§ WHAT YOU NEED TO DO
Restate every line of the data word for word, except for the images.

BEGIN

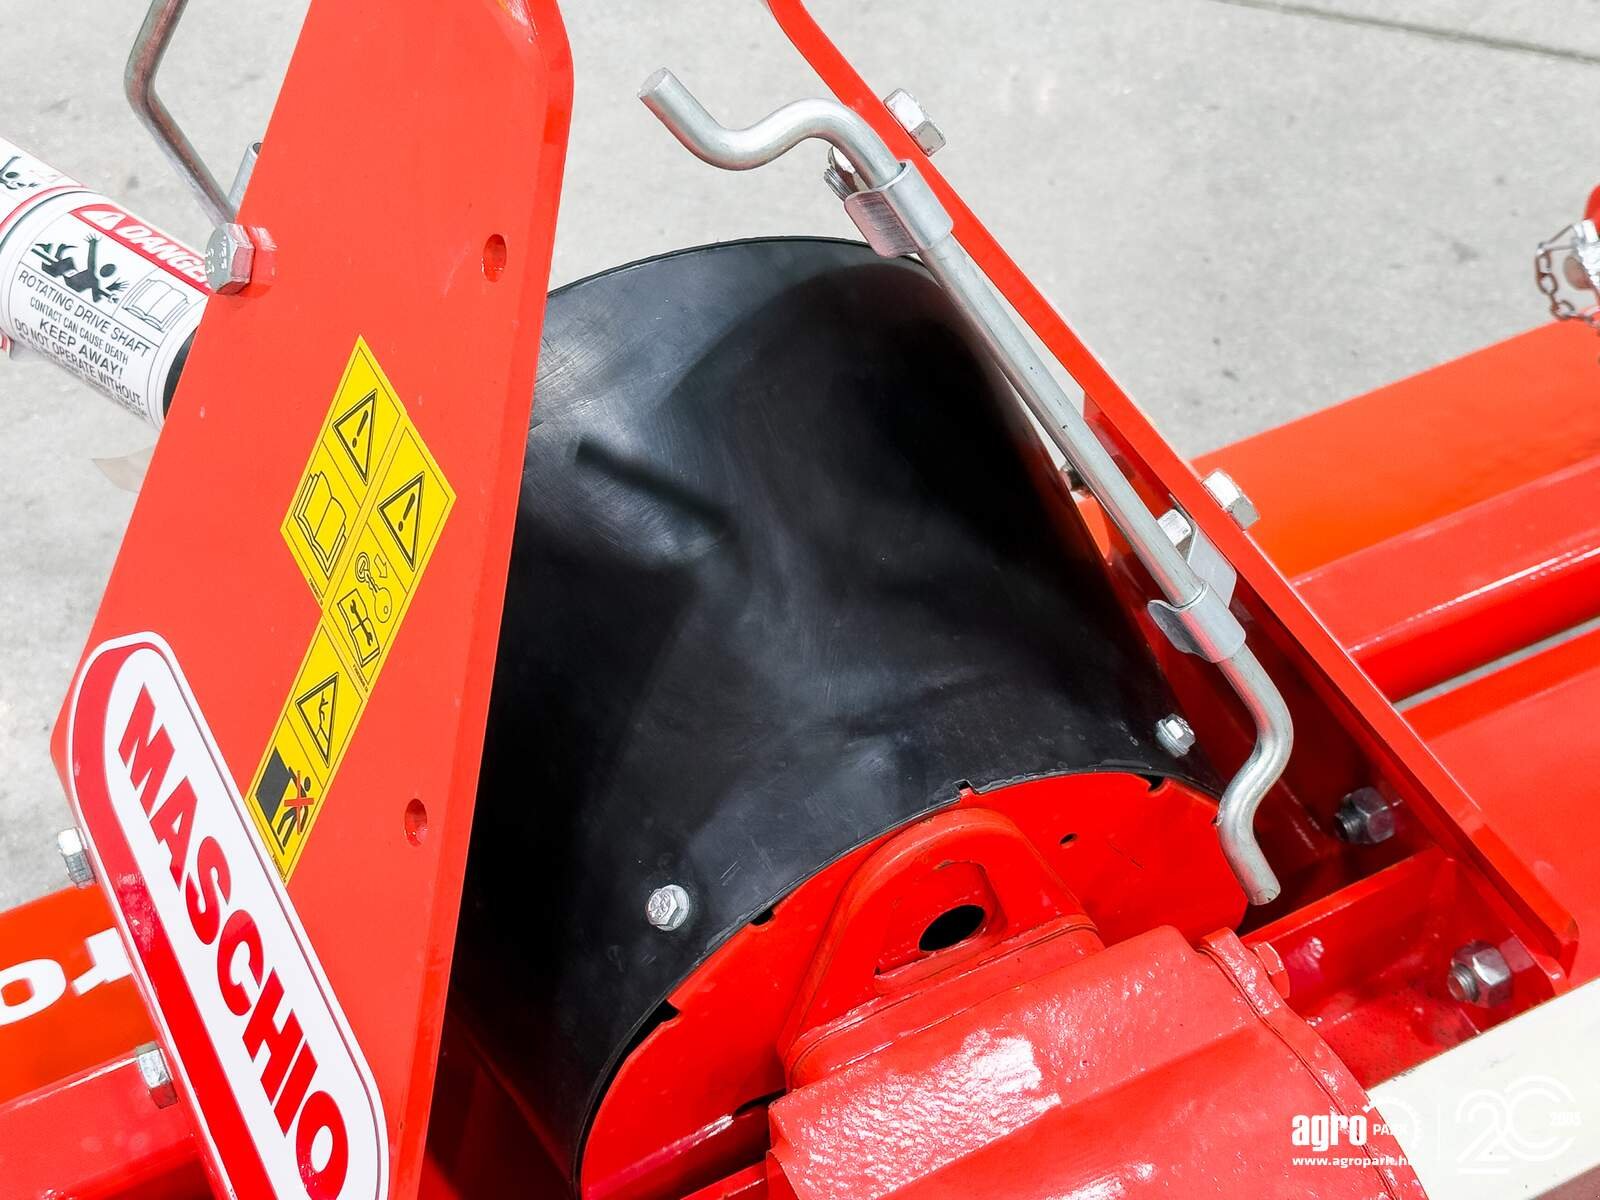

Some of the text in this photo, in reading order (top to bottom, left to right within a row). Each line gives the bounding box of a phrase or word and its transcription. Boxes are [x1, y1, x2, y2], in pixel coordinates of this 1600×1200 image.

[114, 225, 207, 283] DANGE
[18, 269, 150, 357] ROTATING DRIVE SHAFT
[30, 296, 62, 322] CONTACT
[63, 316, 79, 334] CAN
[79, 327, 104, 350] CAUSE
[104, 342, 128, 366] DEATH
[14, 317, 29, 336] DO
[30, 327, 50, 350] NOT
[51, 340, 97, 378] OPERATE
[40, 318, 76, 346] KEEP
[79, 344, 123, 379] AWAY!
[118, 683, 349, 1200] MASCHIO
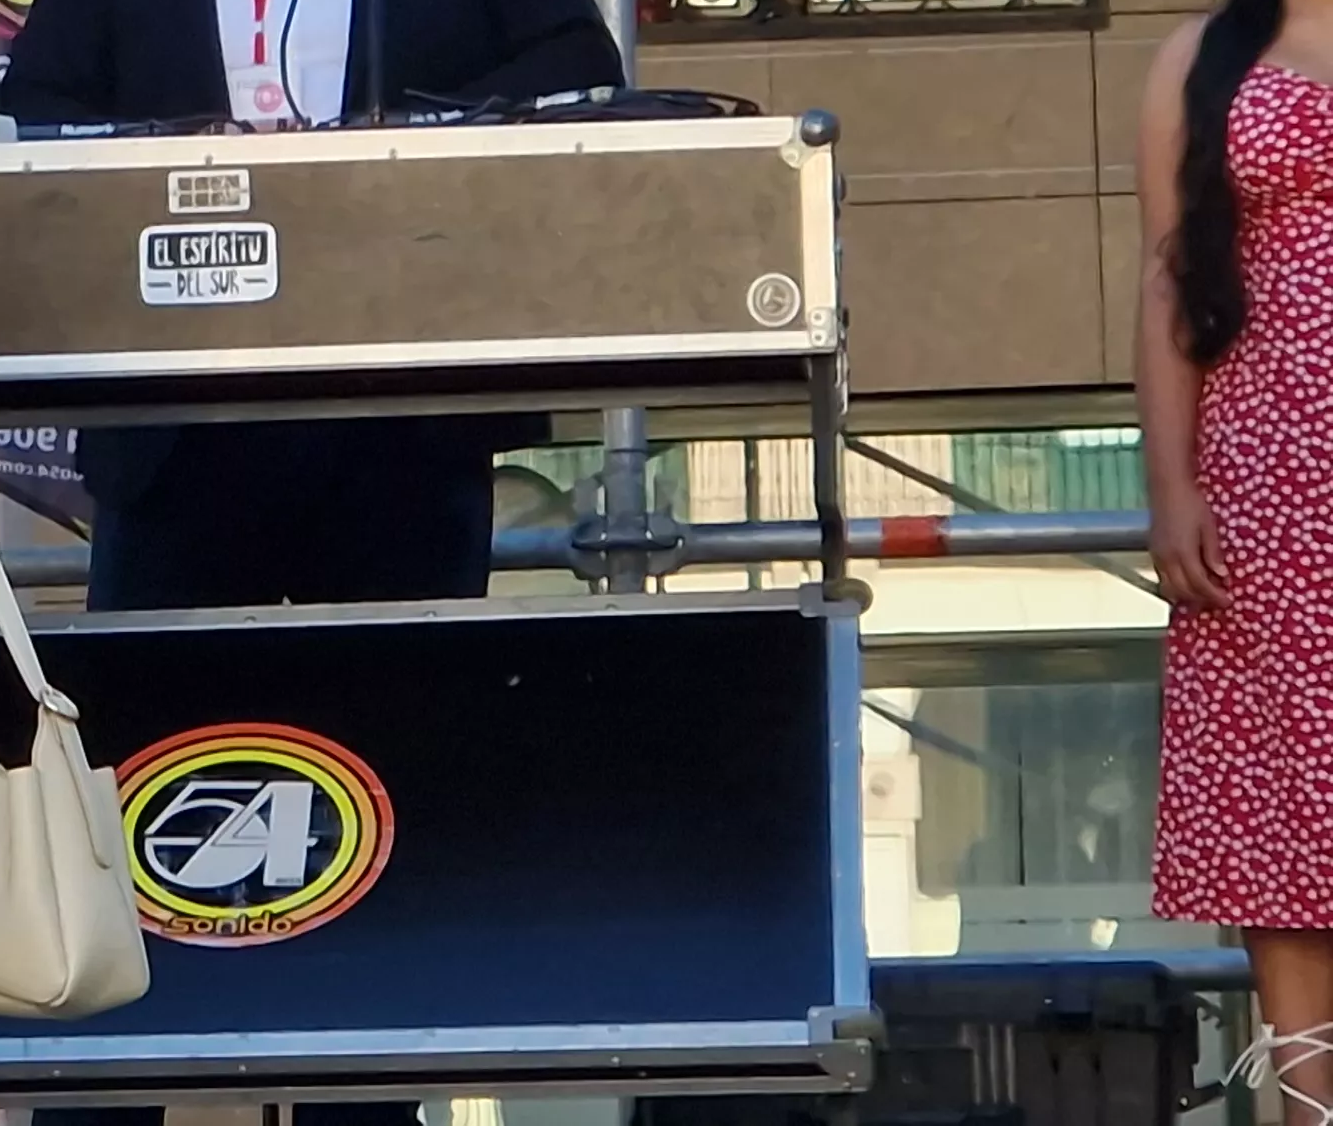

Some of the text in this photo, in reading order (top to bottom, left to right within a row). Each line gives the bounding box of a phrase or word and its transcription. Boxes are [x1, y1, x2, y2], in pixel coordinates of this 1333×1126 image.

[153, 236, 175, 267] EL
[176, 269, 241, 298] DEL SUR
[144, 780, 319, 888] 54
[163, 910, 293, 936] sonido

END

§ WRITTEN ANSWER
Some of the text in this photo, in reading order (top to bottom, left to right within a row). Each line gives the bounding box of a phrase or word and its transcription. Boxes are [x1, y1, x2, y2], in pixel coordinates of this 1600×1200 image.

[114, 225, 207, 283] DANGE
[18, 269, 150, 357] ROTATING DRIVE SHAFT
[30, 296, 62, 322] CONTACT
[63, 316, 79, 334] CAN
[79, 327, 104, 350] CAUSE
[104, 342, 128, 366] DEATH
[14, 317, 29, 336] DO
[30, 327, 50, 350] NOT
[51, 340, 97, 378] OPERATE
[40, 318, 76, 346] KEEP
[79, 344, 123, 379] AWAY!
[118, 683, 349, 1200] MASCHIO

Some of the text in this photo, in reading order (top to bottom, left to right within a row). Each line gives the bounding box of a phrase or word and its transcription. Boxes are [x1, y1, x2, y2], in pixel coordinates of this 1333×1126 image.

[153, 236, 175, 267] EL
[176, 269, 241, 298] DEL SUR
[144, 780, 319, 888] 54
[163, 910, 293, 936] sonido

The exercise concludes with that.